Will the MP3 become the preferred musical format for the hipsters of 2035?

Illustration: Diana Quach
May 15, 2017 at 5:46 PM ET

The MP3 is dead — sort of. The creators of the audio file format, which we’ve used to play music on everything from iPods to the PSP (PlayStation Portable) since the early ’90s, terminated their licensing program last month. But don’t worry, your iTunes aren’t going anywhere.

Fraunhofer IIS, the German agency that invented and patented the audio format, officially terminated its licensing program on April 23, but it just came to the public’s attention this week. The termination of the file format does not mean songs on your MP3 player will stop working, it just means that MP3s are now royalty- and licensing-free.

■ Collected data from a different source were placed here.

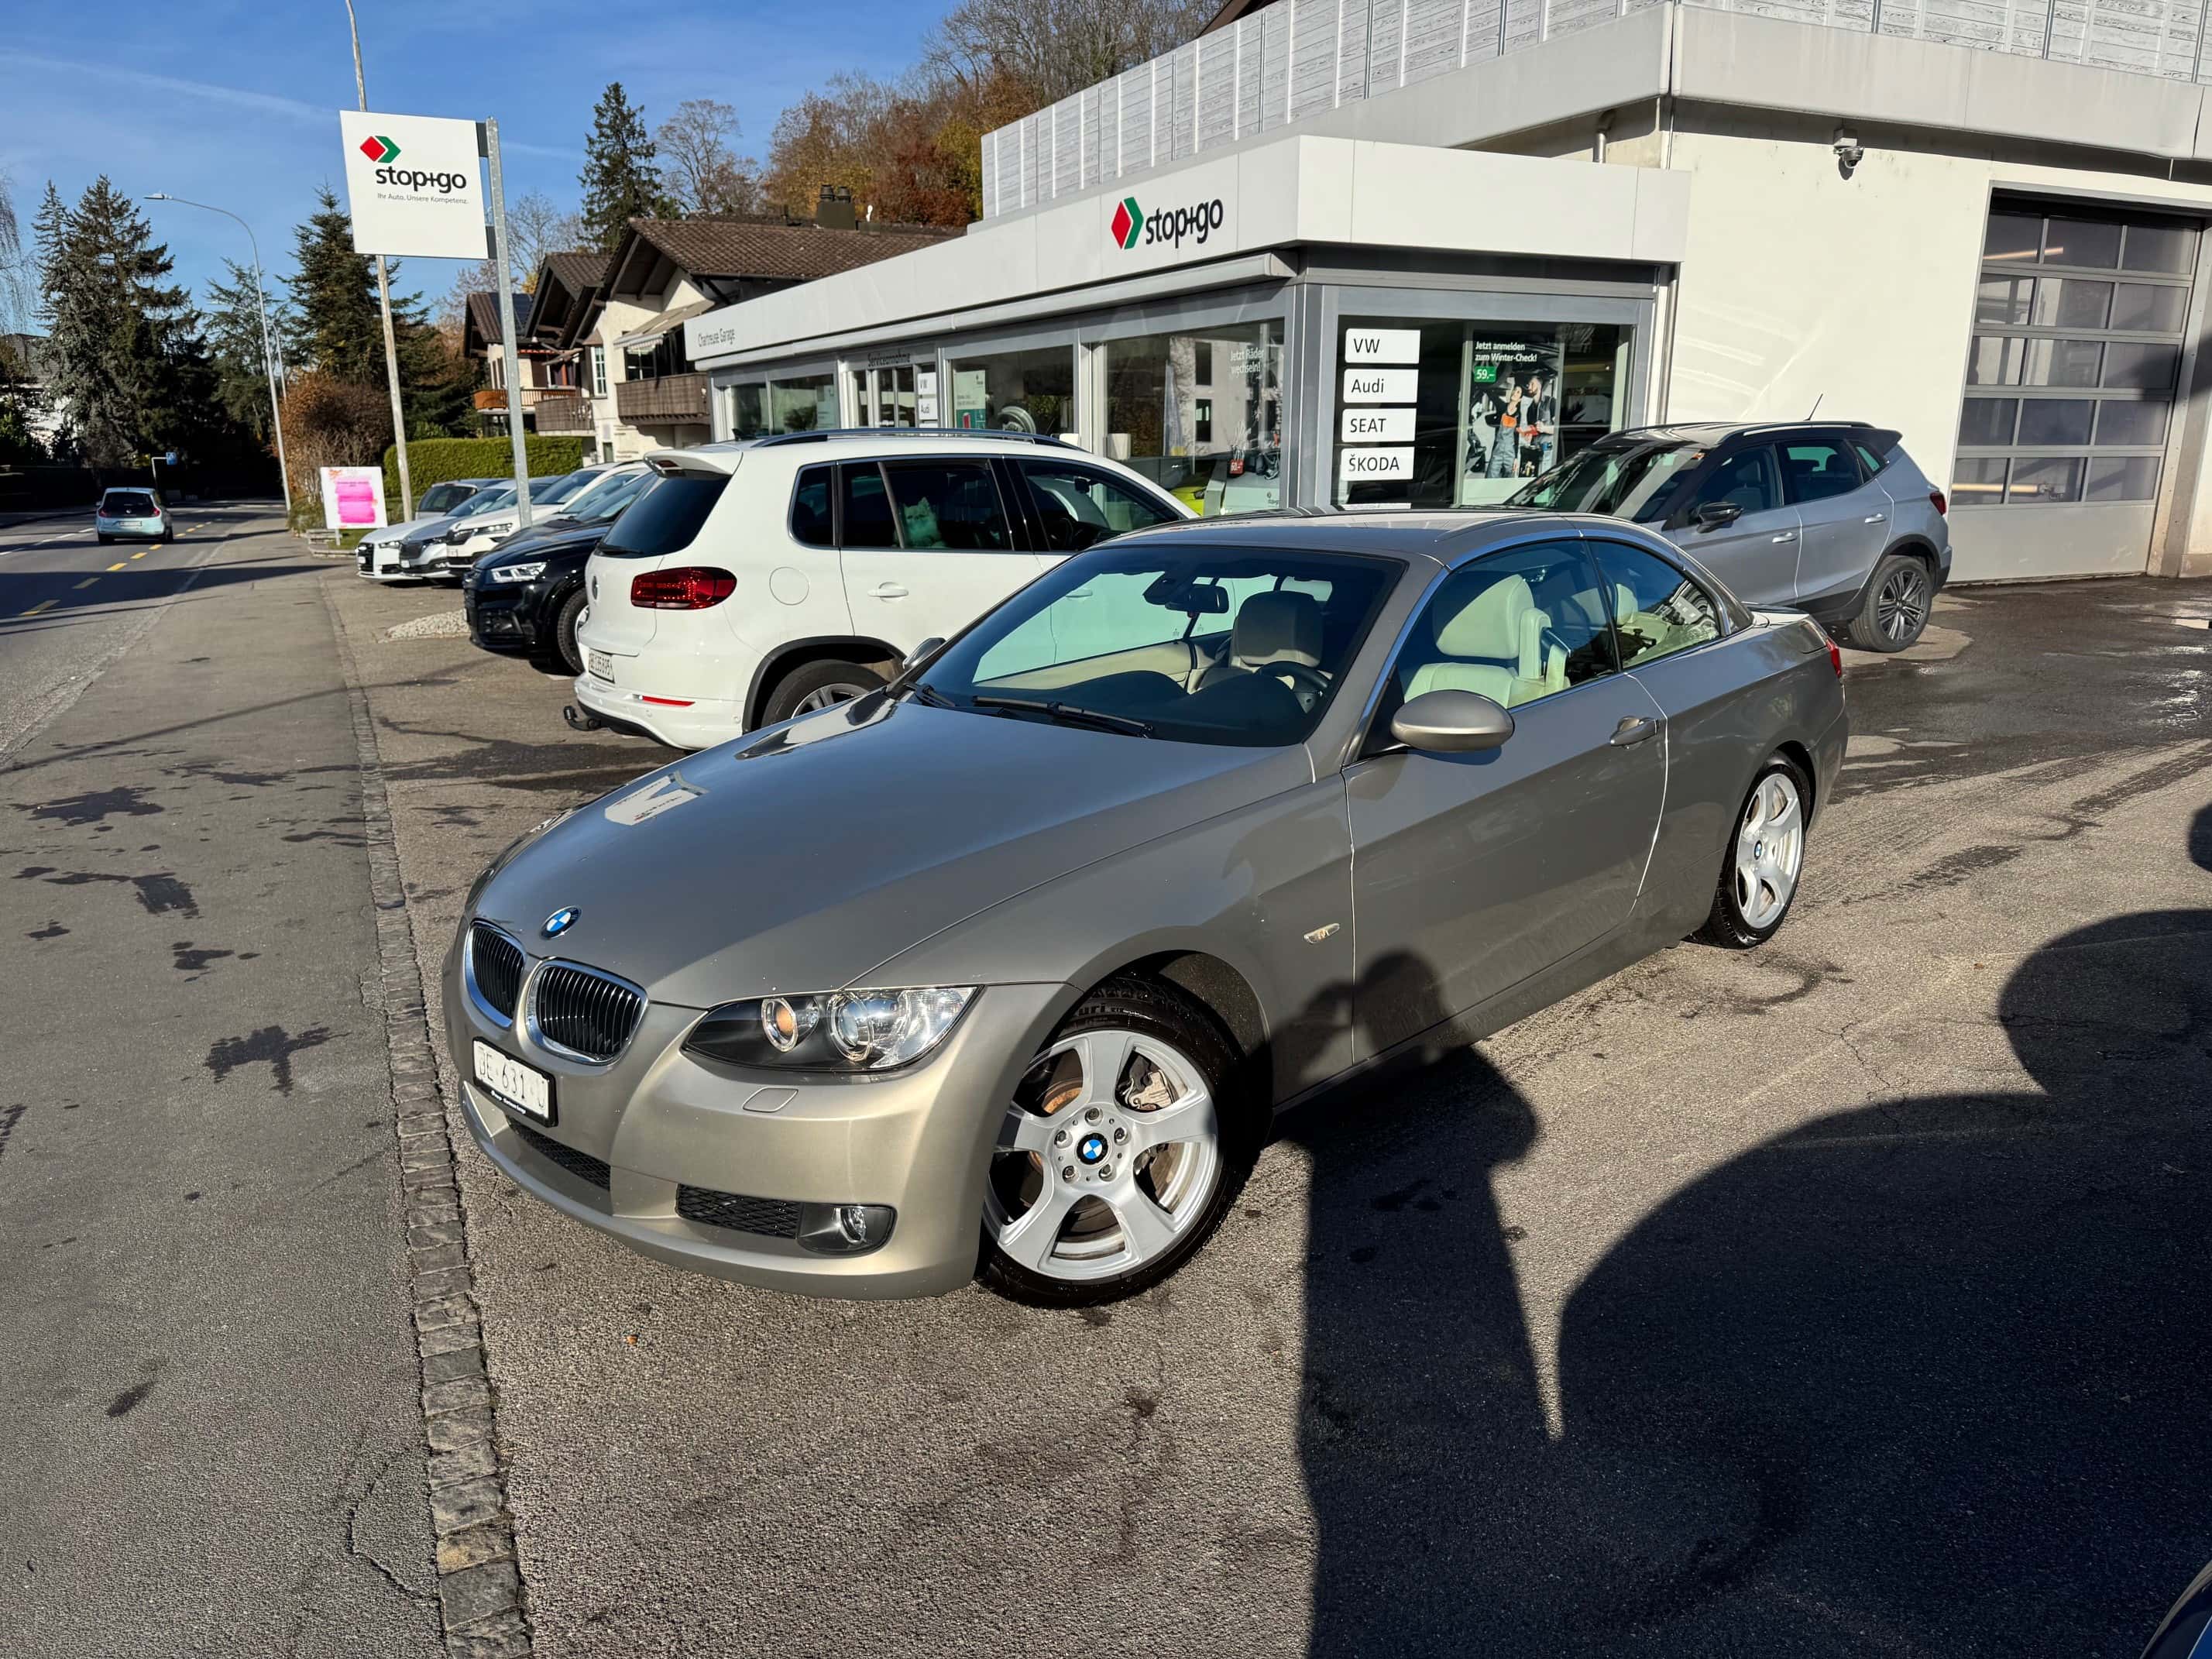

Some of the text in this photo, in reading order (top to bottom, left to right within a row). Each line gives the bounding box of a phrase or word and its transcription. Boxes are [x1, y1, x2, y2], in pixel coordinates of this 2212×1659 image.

[375, 166, 467, 194] stop+go
[1146, 198, 1224, 249] stop+go
[1353, 338, 1380, 353] VW
[1475, 341, 1526, 351] Jetzt anmelden
[1491, 352, 1537, 362] Winter-Check!
[1351, 377, 1384, 393] Audi
[1350, 418, 1387, 433] SEAT
[1348, 453, 1400, 472] ŠKODA

Companies who sell MP3 players or sell MP3 songs will no longer have to pay Fraunhofer a licensing fee. For the past two decades, Fraunhofer earned a small cut of every MP3 player and iPod sold since it owned the patent of the MP3 and it would sell the software to all companies that included MP3 encoding capabilities on their devices.

The MP3 was terminated due to more advanced audio formats being used by TV, radio, and internet broadcasting. Formats such as AAC (Advance Audio Coding) can store more information and deliver higher quality audio. Spotify, iTunes, and other popular streaming services are some of the platforms that currently use AAC.

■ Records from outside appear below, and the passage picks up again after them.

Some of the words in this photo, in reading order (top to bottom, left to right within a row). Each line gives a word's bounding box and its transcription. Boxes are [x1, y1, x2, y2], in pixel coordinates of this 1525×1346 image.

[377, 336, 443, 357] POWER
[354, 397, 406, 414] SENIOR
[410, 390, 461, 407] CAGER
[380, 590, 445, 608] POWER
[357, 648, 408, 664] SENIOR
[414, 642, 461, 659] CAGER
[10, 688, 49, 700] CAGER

This is not the first time the patent for a standard file format’s has expired. In 2006, the patent for the GIF file format expired but its use exponentially increased since it was more accessible than ever. Yet, it’s hard to think that MP3s will have the same resurgence since there’s already a replacement audio file format, and its quality is not terrible.

However, much like Pepe the Frog — a cartoon amphibian who was ‘killed’ by his creator after becoming a symbol for the so-called alt-right — MP3s will have an afterlife on the internet. But compared to other music formats like vinyl records — which have bounced in and out of fashion since they become technologically obsolete — it’s unlikely that MP3s will have the same nostalgic renaissance. Most people just stream their music now, and the file format has no tangible value.

But who knows? Maybe MP3s will be the preferred listening experience of the hipsters of 2035.